在四年前卡塔尔的足球盛宴上,金色的纸屑漫天飞舞,大力神杯被高高举起,五百万人涌上布宜诺斯艾利斯的街头,那个冬天滚烫得像一场永不醒来的梦。而眼前的夏天寒冷、潮湿、漫长,像一条没有尽头的走廊。世界杯决赛的终场哨在新泽西响起,西班牙人加时绝杀,梦碎了。没有红毯,没有军乐队,没有《Muchachos》的旋律。梅西避开所有镜头,避开混合采访区,像一束被掐灭的光,安静地退场。

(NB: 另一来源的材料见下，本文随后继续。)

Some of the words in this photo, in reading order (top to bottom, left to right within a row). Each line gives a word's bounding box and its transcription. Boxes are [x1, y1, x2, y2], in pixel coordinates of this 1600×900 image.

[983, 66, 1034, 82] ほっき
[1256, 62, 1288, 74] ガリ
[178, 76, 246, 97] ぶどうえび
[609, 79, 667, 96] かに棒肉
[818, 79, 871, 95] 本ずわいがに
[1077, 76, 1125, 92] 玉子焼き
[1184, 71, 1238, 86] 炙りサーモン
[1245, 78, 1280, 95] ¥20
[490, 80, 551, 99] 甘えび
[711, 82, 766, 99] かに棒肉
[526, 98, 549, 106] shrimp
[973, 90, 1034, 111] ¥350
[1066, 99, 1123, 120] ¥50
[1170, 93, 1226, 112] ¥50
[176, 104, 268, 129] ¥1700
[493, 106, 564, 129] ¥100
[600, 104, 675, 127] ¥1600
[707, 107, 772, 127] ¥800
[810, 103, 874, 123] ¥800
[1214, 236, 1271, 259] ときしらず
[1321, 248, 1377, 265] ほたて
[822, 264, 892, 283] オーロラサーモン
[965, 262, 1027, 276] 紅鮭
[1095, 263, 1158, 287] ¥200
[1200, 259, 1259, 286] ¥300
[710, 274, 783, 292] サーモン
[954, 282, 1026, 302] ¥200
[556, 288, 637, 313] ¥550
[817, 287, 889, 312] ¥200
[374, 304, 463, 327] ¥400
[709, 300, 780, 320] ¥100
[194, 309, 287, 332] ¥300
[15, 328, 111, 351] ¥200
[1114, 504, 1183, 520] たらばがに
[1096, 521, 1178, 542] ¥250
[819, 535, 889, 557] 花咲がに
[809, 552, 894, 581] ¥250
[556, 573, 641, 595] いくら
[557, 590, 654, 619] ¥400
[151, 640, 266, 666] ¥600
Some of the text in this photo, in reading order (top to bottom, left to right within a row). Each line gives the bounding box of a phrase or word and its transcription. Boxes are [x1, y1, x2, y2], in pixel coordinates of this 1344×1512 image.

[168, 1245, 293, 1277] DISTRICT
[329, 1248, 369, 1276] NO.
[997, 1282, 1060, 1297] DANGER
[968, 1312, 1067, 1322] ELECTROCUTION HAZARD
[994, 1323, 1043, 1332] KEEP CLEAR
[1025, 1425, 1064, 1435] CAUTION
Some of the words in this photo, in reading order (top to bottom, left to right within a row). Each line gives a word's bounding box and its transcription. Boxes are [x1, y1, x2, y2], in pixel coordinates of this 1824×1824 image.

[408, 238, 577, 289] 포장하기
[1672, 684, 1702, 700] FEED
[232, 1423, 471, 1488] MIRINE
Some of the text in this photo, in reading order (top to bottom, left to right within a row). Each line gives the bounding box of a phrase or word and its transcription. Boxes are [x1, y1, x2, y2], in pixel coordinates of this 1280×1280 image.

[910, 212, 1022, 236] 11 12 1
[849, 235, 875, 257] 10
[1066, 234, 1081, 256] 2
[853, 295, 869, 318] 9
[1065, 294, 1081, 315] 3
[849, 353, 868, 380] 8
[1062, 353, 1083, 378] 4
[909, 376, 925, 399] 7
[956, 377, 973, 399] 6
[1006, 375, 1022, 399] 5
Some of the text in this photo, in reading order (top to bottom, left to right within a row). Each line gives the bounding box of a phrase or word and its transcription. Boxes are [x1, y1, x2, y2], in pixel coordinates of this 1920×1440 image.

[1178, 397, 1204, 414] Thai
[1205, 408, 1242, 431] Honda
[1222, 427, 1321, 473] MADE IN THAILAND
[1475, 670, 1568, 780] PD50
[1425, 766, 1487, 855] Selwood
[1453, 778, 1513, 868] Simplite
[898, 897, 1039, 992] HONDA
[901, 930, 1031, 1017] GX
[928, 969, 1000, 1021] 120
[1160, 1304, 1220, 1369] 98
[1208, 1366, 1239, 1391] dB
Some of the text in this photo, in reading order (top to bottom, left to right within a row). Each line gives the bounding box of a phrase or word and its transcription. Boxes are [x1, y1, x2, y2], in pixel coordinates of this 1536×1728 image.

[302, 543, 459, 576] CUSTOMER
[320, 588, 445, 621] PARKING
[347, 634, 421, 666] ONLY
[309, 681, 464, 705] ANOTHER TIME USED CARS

他选择不回布宜诺斯艾利斯,那架蓝白涂装的专机载着十六名国脚享受英雄礼遇,成千上万人列队迎接。在很多人都追逐荣耀归来的时刻,梅西却独自向后走,走向了那个最初教会他带球奔跑的人。
父亲豪尔赫病了,这件事像一块沉重的石头,压在梅西内心的最深处。外界起初并不知情,直到电视上一条播报把这条残酷的消息抛进了公共空间,梅西的家族才被迫开口。尽管媒体很快就做出了补救,总统也发文进行了谴责,但伤害已经像水渗进裂缝。对梅西而言,每一场世界杯比赛都变成一种与时间赛跑的仪式,他拼命向前走,只想走得更远,再远一点,好让病榻上的父亲多看一场自己踢球。
决赛日,豪尔赫没有到场。梅西站在大都会体育场的草皮上,热身时连续五个任意球全部罚偏,仿佛某种不祥的预兆。事实也证明,这场比赛并不属于他。西班牙人完全掌控了比赛,阿根廷最终加时落败,与奖杯失之交臂。赛后两队爆发了大规模冲突,舆论从尊敬滑向批评,但所有这些,在那条消息面前都变轻了。决赛只是输了一场球,而有些东西,是无可挽回地消失了。
八月八日凌晨,豪尔赫·梅西离世,享年六十八岁。
整个阿根廷都沉默了,博卡与河床的世仇暂且搁置,纽维尔老男孩率先发起悼念,糖果盒悬挂横幅,各地体育场都在为梅西家族送上力量。这个国家将自己的身份与足球深度绑定,他们将迪斯蒂法诺、马拉多纳、梅西奉若神祇。而这一次,他们哀悼的是那个把神祇带到人间的人。豪尔赫当年抛下一切举家迁往巴塞罗那,为患病的梅西争取治疗机会,他托举了传奇,然后在一个八月的凌晨,悄然告别了这个世界。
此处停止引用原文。